The Autism Launchpad is a website developed by Autism Spectrum Australia to support young Australians with autism and their family through their transition into adult life. The website provides information, strategies, and personal stories on coping with stress, social life, and maintaining good health to assist young people with Autism or Asperger’s and their families whatever their abilities.
1300 308 699
Autism Connect is a national autism helpline supporting autistic people, their families, carers, health professionals, and the broader community. They provide expert information over the phone, email and webchat on many areas including autistic identity, diagnosis support, education, employment, strategies, referrals and more. Autism Connect also provides translating and interpreting services to speak with advisors in a language other than English.

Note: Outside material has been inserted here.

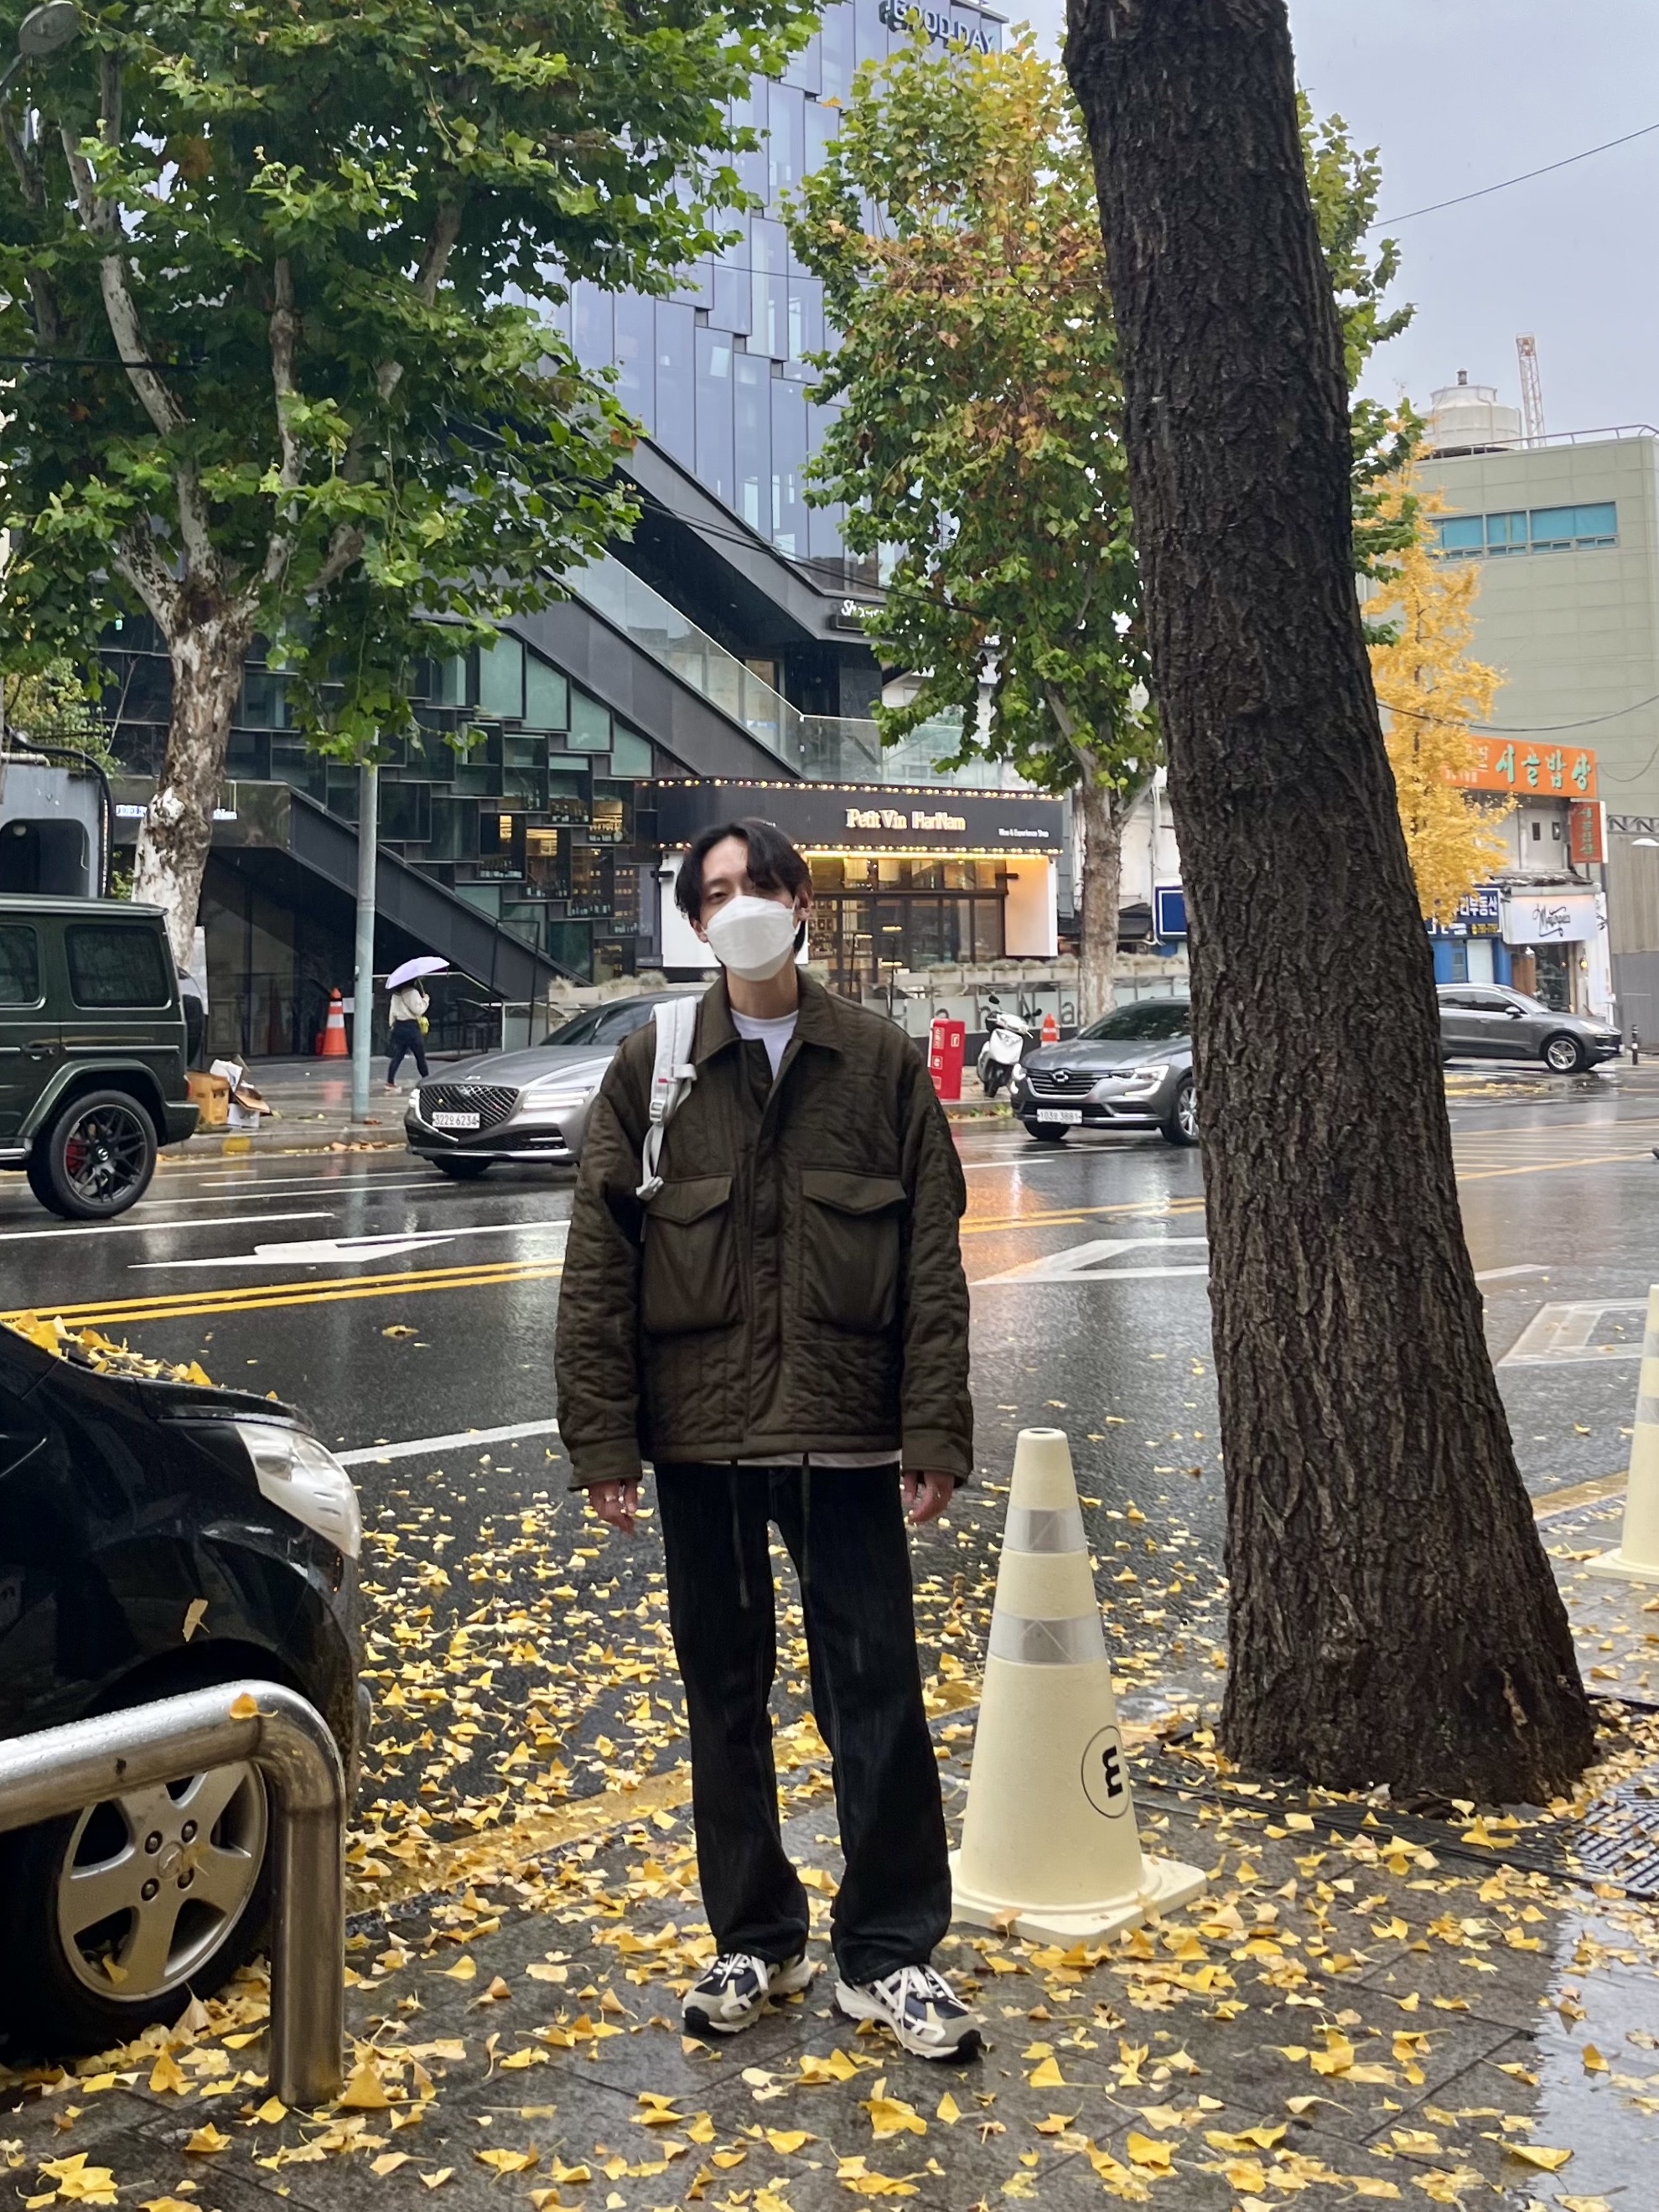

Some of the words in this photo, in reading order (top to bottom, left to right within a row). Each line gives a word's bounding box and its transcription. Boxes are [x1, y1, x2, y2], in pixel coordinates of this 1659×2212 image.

Autism Apps is a website developed by the Autism Association of Western Australia providing a catalogue of apps and websites supporting parents, teachers, and individuals with autism. They provide information and advice on how to effectively use technology to support autistic individuals.
The Allen Adventure
Available on Apple and Android devices.
The Allen Adventure is an app and online suite of resources from Bullying. No Way! for young people aged 0 to 8 years. The app tells the story of Allen, the new kid in class who is a young alien visiting Earth. Allen wants to fit in and make friends, but he discovers it’s not always that easy! Through the interactive app young children learn social and emotional skills, how to make friends and get along with others.
Secret Agent Society
The Secret Agent Society is an online service supporting users to understand social encounters. Their Small Group Program digital program provides small group social skills and emotion training for families. The program includes self-paced training, training resources, peer support groups, interactive sessions, and progress reports to track individual and group progress. The program is paid and facilitators costs might be covered under various types of funding for some families.

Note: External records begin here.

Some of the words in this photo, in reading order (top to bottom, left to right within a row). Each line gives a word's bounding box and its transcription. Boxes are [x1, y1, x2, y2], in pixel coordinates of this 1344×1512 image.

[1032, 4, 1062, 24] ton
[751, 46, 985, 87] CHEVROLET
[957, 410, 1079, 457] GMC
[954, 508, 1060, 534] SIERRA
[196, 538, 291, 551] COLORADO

An online Easy Read tool by Black Dog Institute, Healthy Mind is designed to help people with intellectual disabilities to recognise and regulate their thoughts and feelings. The program includes a range of modules that can be accessed in any order, providing information to help users learn about a chosen topic and activities to practice what has been learned.

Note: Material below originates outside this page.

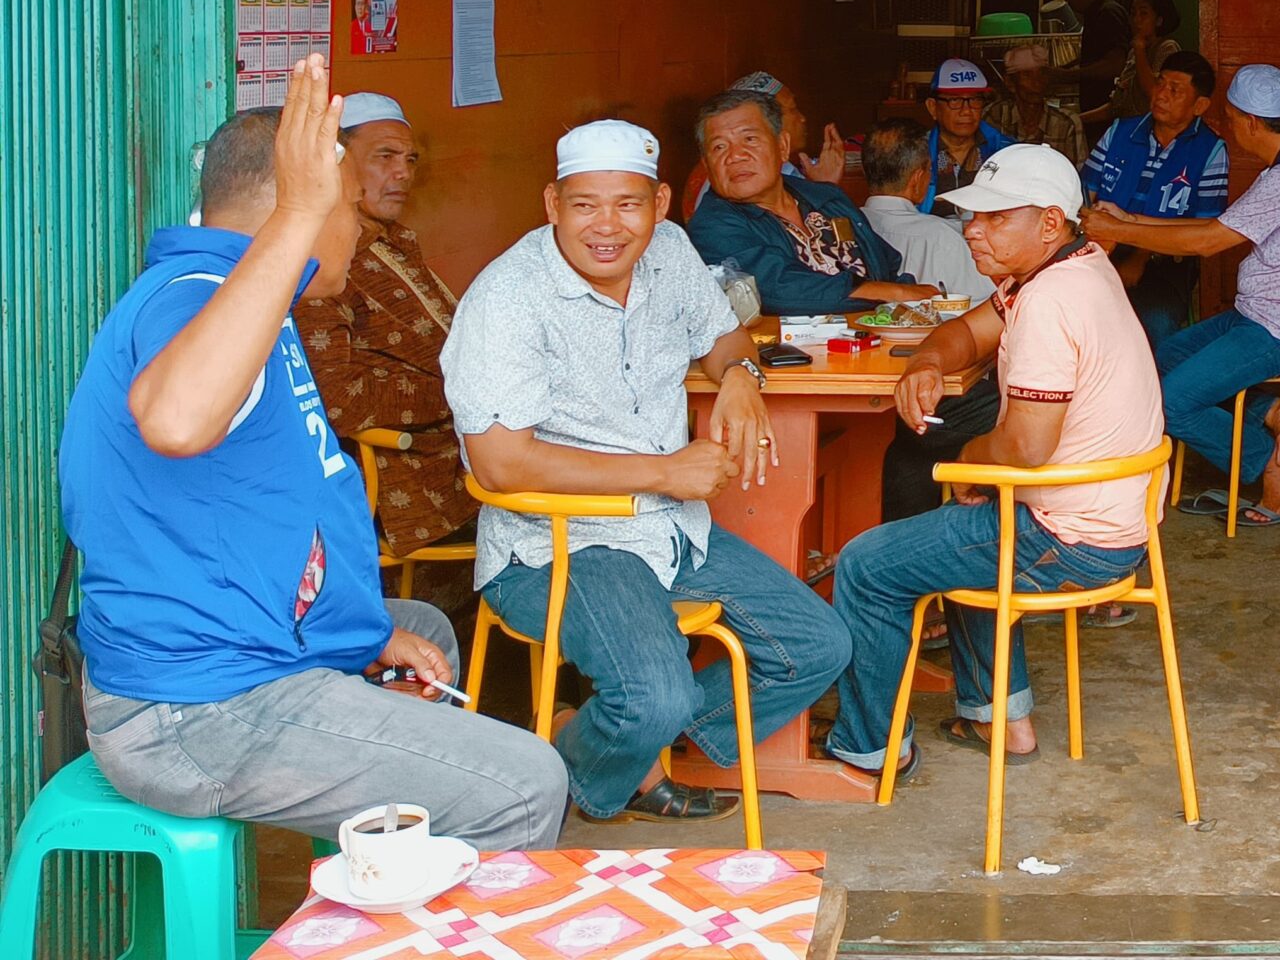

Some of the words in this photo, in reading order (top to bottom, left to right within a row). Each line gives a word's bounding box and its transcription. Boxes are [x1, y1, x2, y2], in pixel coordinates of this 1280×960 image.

Resources for Parents and Carers
Dad Film is a documentary following the experiences of twelve Aussie dads as they navigate the world of parenting and autism. The video was created by Autism Awareness Australia to share stories of success, struggle, and family from dads of children on the autism spectrum to learn from and support one another.
Positive Partnerships is a national project from the Australian Government Department of Education, Skills and Employment, connecting families, educators and communities with resources to strengthen positive outcomes for young people of the autism spectrum. Their website includes various resources including workshops, webinars and online modules for parents, carers and school staff, Aboriginal and Torres Strait Islanders, and CALD people to advocate for and support young people with Autism.
Planet Puberty is a digital suite of resources providing parents and carers of children with intellectual disability and/or autism with the latest information, strategies and resources for supporting their child through puberty. Co-designed with adults with intellectual disability and/or autism, the program provides information on a range of topics including body, feeling good, relationships, keeping safe, identity and more.
Triple P – Stepping Stones
Triple P is a free online parenting program designed to support parents and carers of children up to 16 years old. Their services include the Stepping Stones program, a specially-tailored parenting tool to help parents of children aged 2 to 12 manage problem behaviour and developmental issues common in children with disability.